Source data ->
== == ==

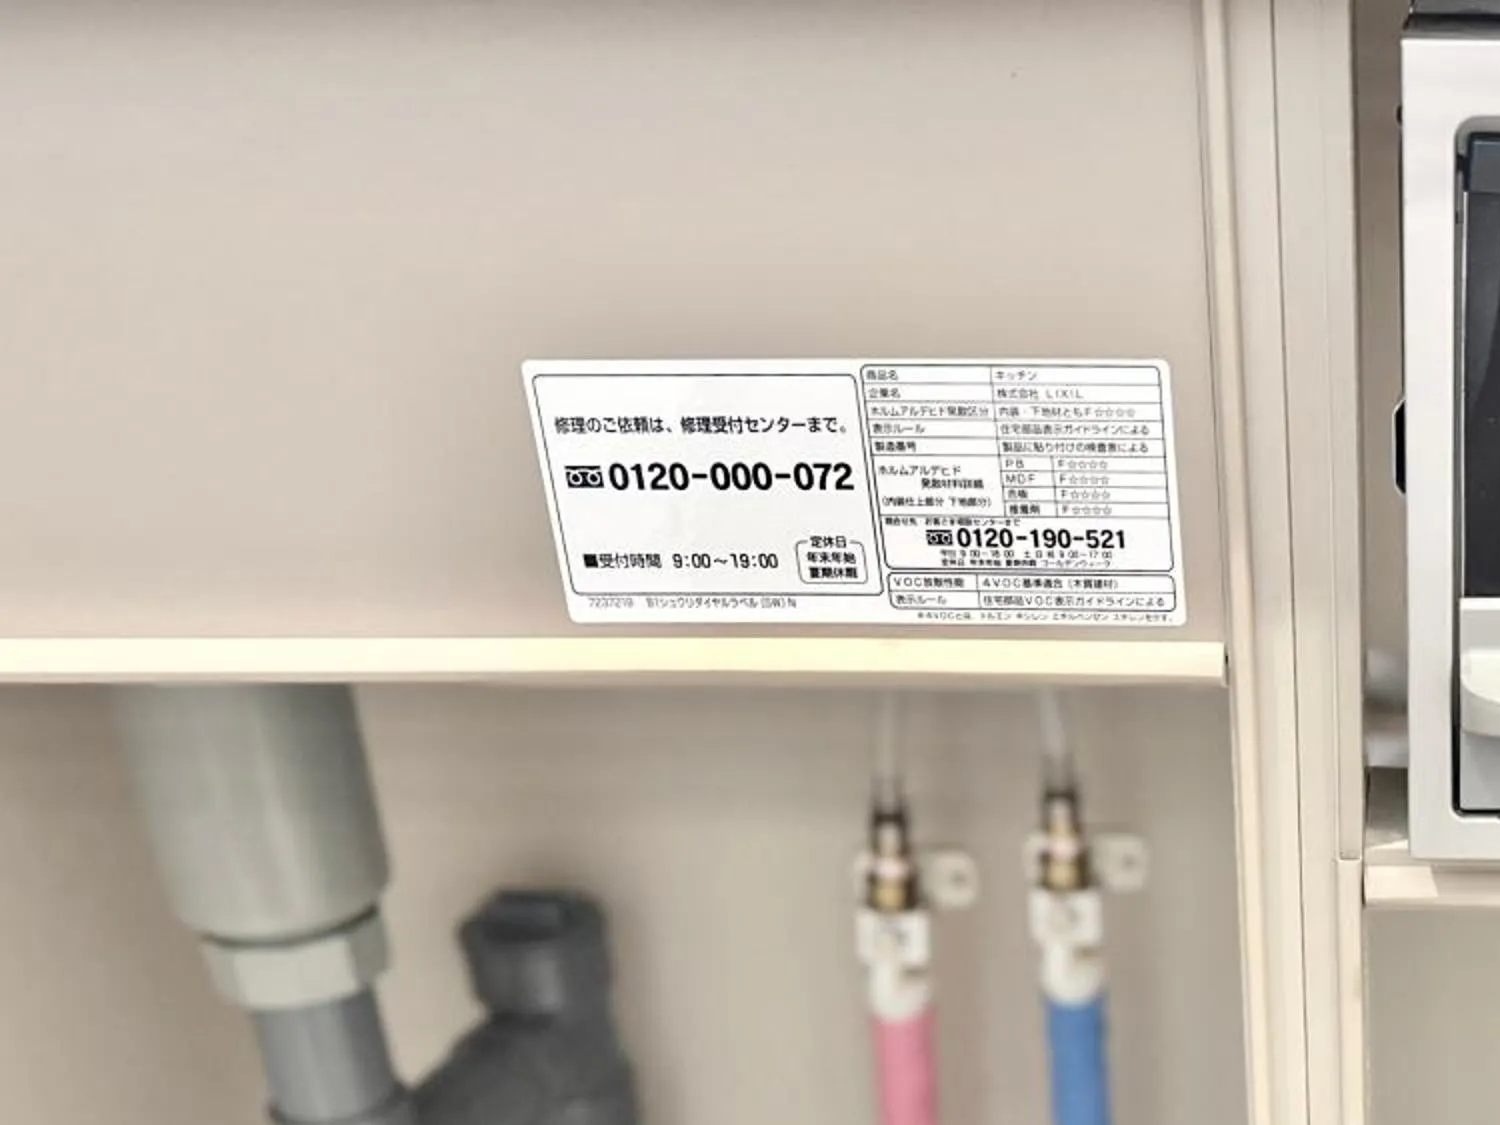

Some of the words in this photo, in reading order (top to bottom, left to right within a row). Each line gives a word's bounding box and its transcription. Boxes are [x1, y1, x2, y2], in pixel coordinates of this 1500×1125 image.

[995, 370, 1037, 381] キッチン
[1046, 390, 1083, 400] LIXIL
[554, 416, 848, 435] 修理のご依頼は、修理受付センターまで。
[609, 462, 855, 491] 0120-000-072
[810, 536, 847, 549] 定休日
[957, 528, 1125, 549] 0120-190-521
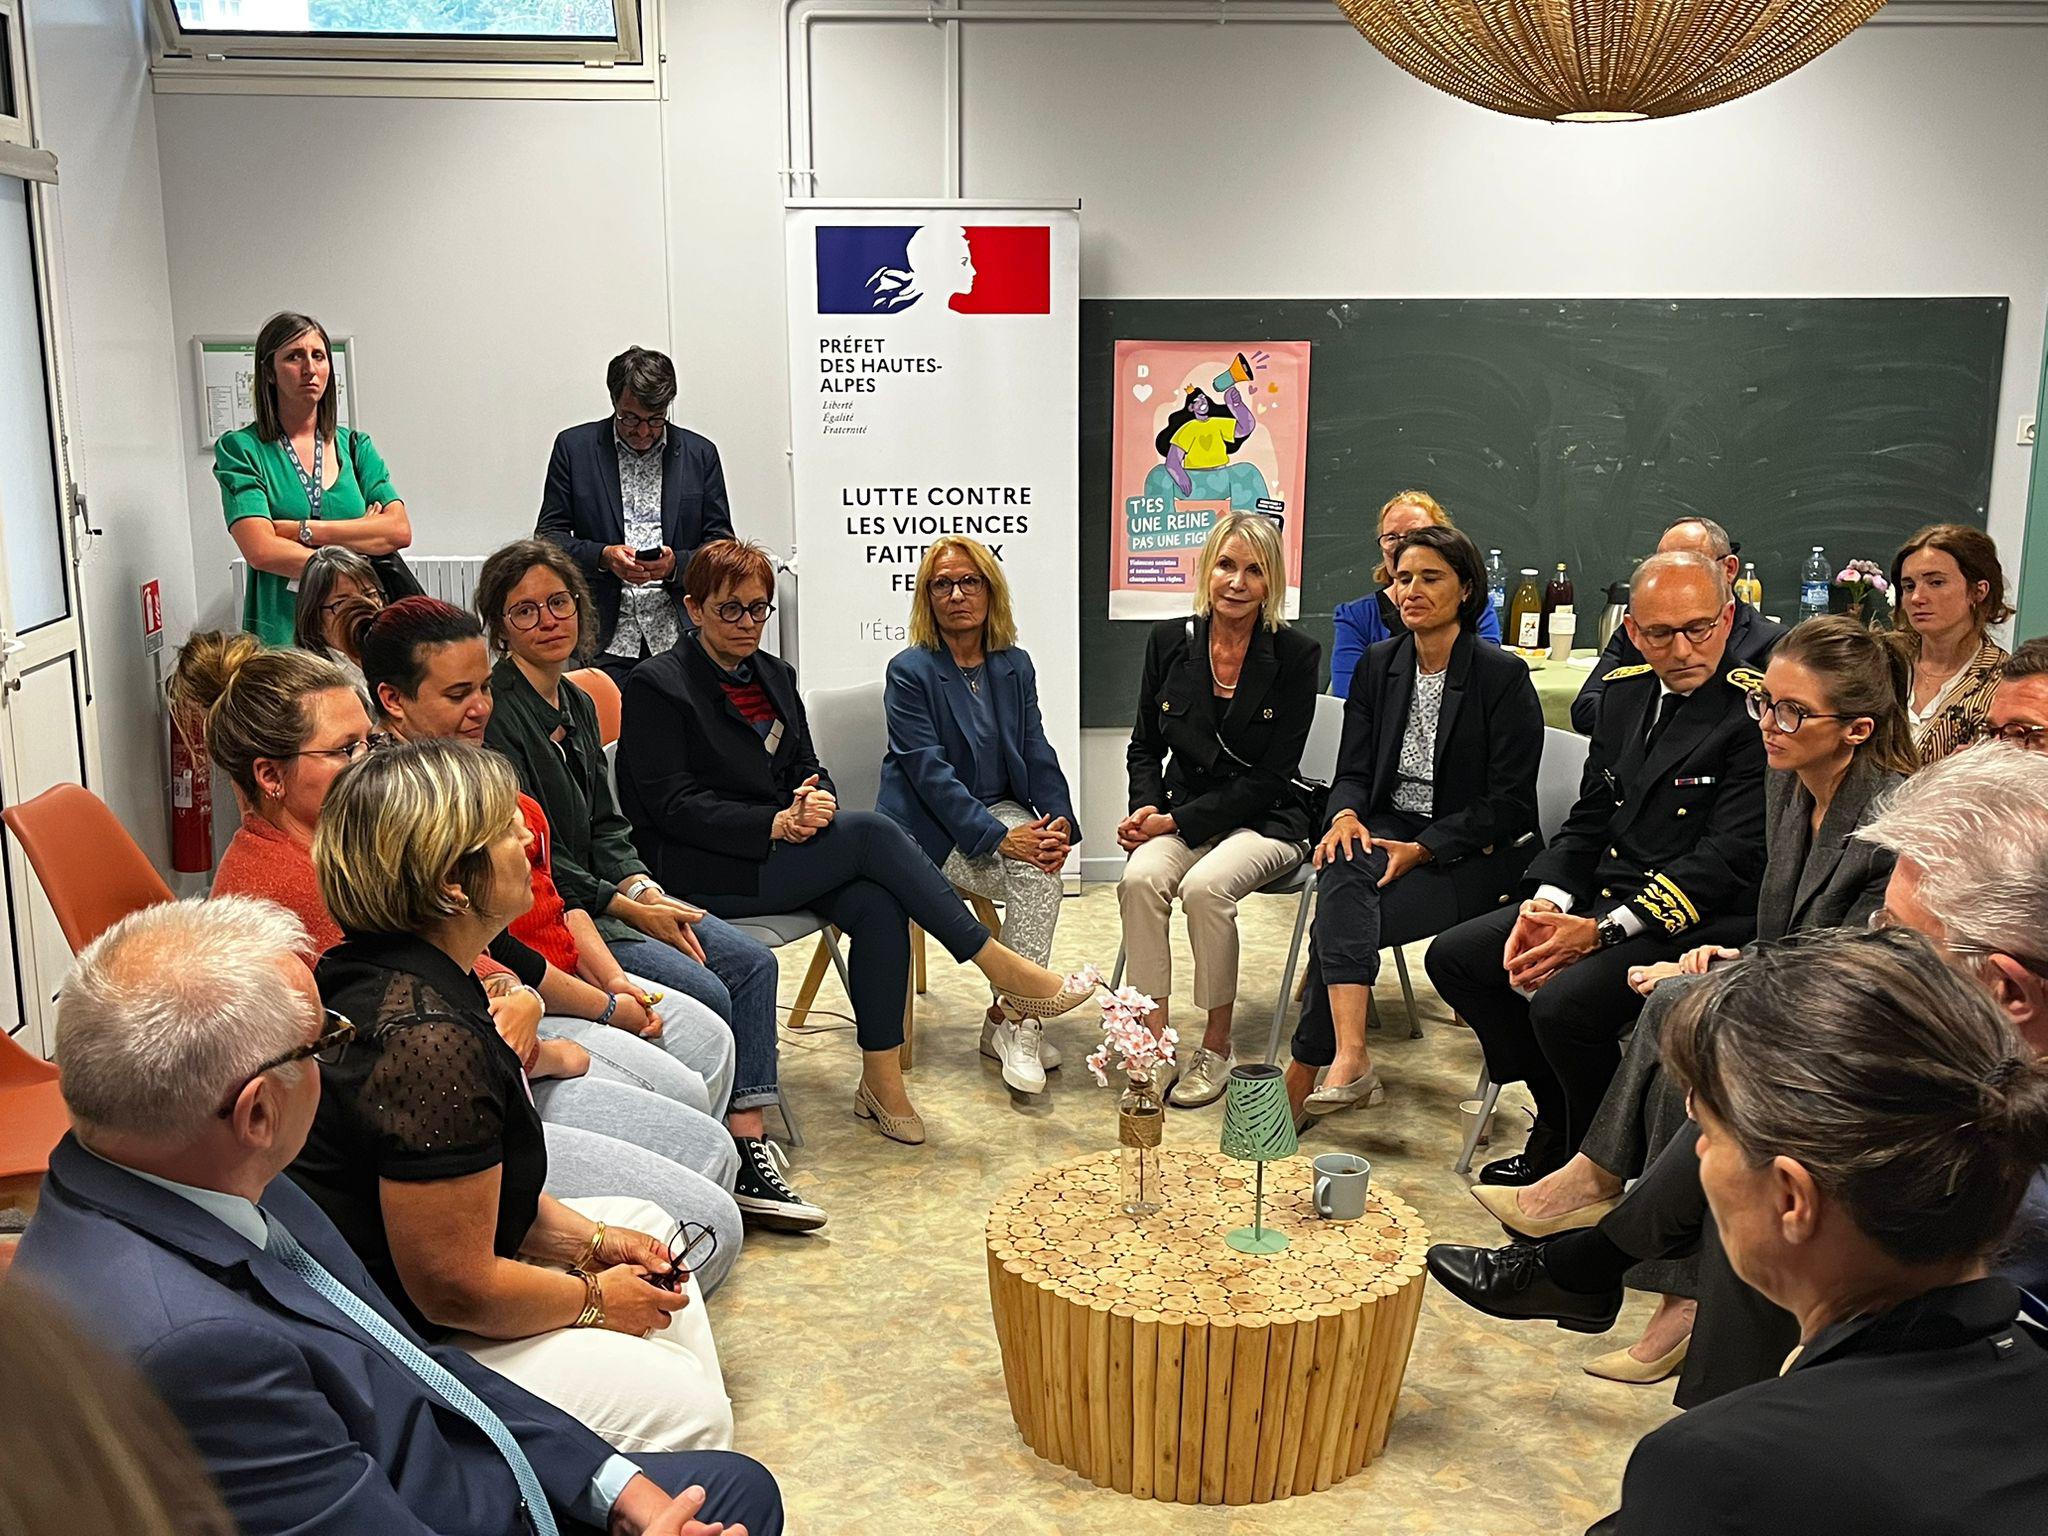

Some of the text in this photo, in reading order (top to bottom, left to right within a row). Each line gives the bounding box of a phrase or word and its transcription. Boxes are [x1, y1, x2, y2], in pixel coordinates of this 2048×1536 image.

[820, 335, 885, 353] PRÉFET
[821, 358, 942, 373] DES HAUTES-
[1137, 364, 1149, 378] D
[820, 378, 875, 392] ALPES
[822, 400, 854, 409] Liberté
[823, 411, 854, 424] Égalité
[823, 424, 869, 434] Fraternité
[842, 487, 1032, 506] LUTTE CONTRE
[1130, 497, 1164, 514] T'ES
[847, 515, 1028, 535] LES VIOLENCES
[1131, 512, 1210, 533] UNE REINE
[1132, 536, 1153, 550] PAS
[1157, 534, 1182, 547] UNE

== == ==

Activity -> Please write out all the entries above exactly, but leave out the pictures.

Exercise output ->
Some of the words in this photo, in reading order (top to bottom, left to right within a row). Each line gives a word's bounding box and its transcription. Boxes are [x1, y1, x2, y2], in pixel coordinates of this 1500×1125 image.

[995, 370, 1037, 381] キッチン
[1046, 390, 1083, 400] LIXIL
[554, 416, 848, 435] 修理のご依頼は、修理受付センターまで。
[609, 462, 855, 491] 0120-000-072
[810, 536, 847, 549] 定休日
[957, 528, 1125, 549] 0120-190-521

Some of the text in this photo, in reading order (top to bottom, left to right within a row). Each line gives the bounding box of a phrase or word and its transcription. Boxes are [x1, y1, x2, y2], in pixel coordinates of this 2048×1536 image.

[820, 335, 885, 353] PRÉFET
[821, 358, 942, 373] DES HAUTES-
[1137, 364, 1149, 378] D
[820, 378, 875, 392] ALPES
[822, 400, 854, 409] Liberté
[823, 411, 854, 424] Égalité
[823, 424, 869, 434] Fraternité
[842, 487, 1032, 506] LUTTE CONTRE
[1130, 497, 1164, 514] T'ES
[847, 515, 1028, 535] LES VIOLENCES
[1131, 512, 1210, 533] UNE REINE
[1132, 536, 1153, 550] PAS
[1157, 534, 1182, 547] UNE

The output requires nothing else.